112- ona sarılıp güneş altında kendi kendimi tatmin ediyorum. 

116- "ölüm bir şey değil. ölüm hiçbir şey değil."(P)

119- ...bu kent de onun intiharından sorumlu. 

122- insan neden bu yaşama daha çok katlansın. neden bu dayanılmaz yalnızlığa daha çok katlansın. neden bu parlak ve zamansız ışığa daha çok katlansın. neden kendisiyle birlikte doğmuş olan intihar özlemini daha çok taşısın. 

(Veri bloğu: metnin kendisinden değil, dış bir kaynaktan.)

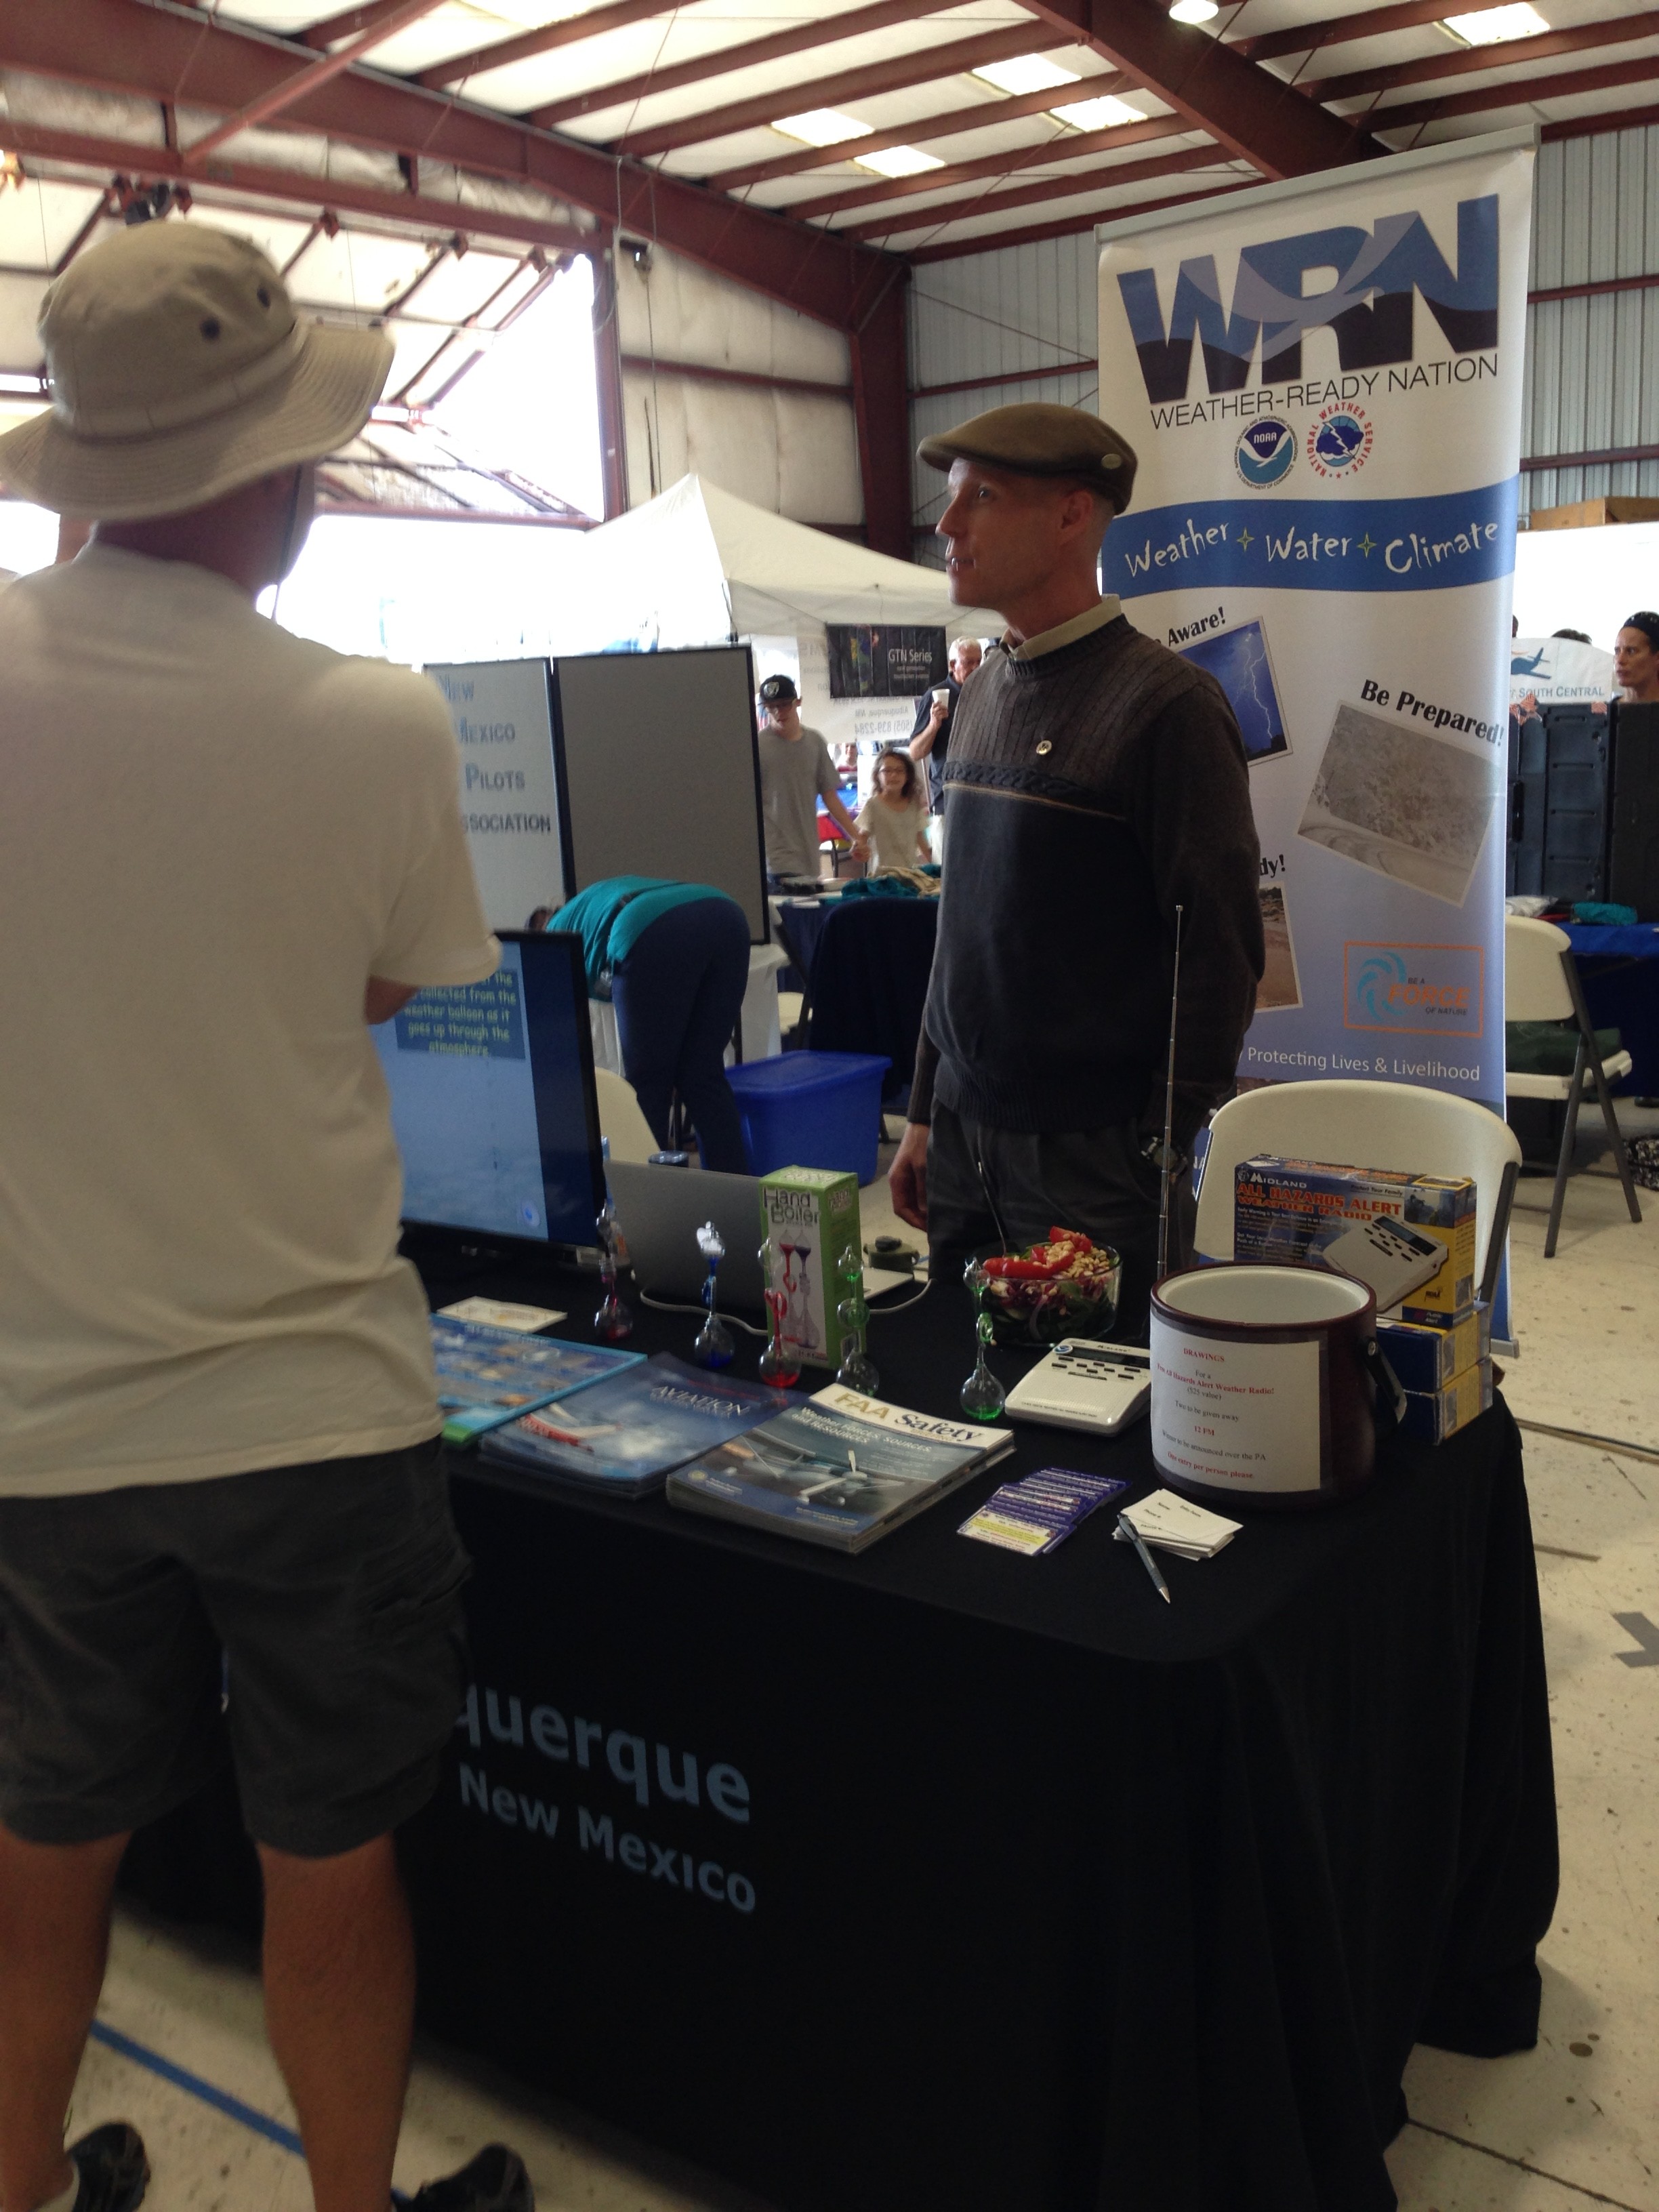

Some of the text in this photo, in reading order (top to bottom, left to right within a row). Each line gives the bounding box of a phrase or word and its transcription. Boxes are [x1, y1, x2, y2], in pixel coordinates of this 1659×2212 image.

125- gitmeliyim. ben giderken, ben ya da tren görünümlerin içinden, kentlerden, köylerden, mısır tarlalarından, dağ sıraları önünden, ardından, bir göl kıyısından, bir nehir yatağı boyunca ya da gri bir deniz yüzeyi boyunca ilerlerken, yol alırken, tanımadığım insanlar hızla gidiş yolunun aksi yönde yitip giderken, her görüntüyle birlikte benden uzaklaşırken, yitip giderken, işte ancak o zaman uzaklaşıyorum yaşamın sonundan.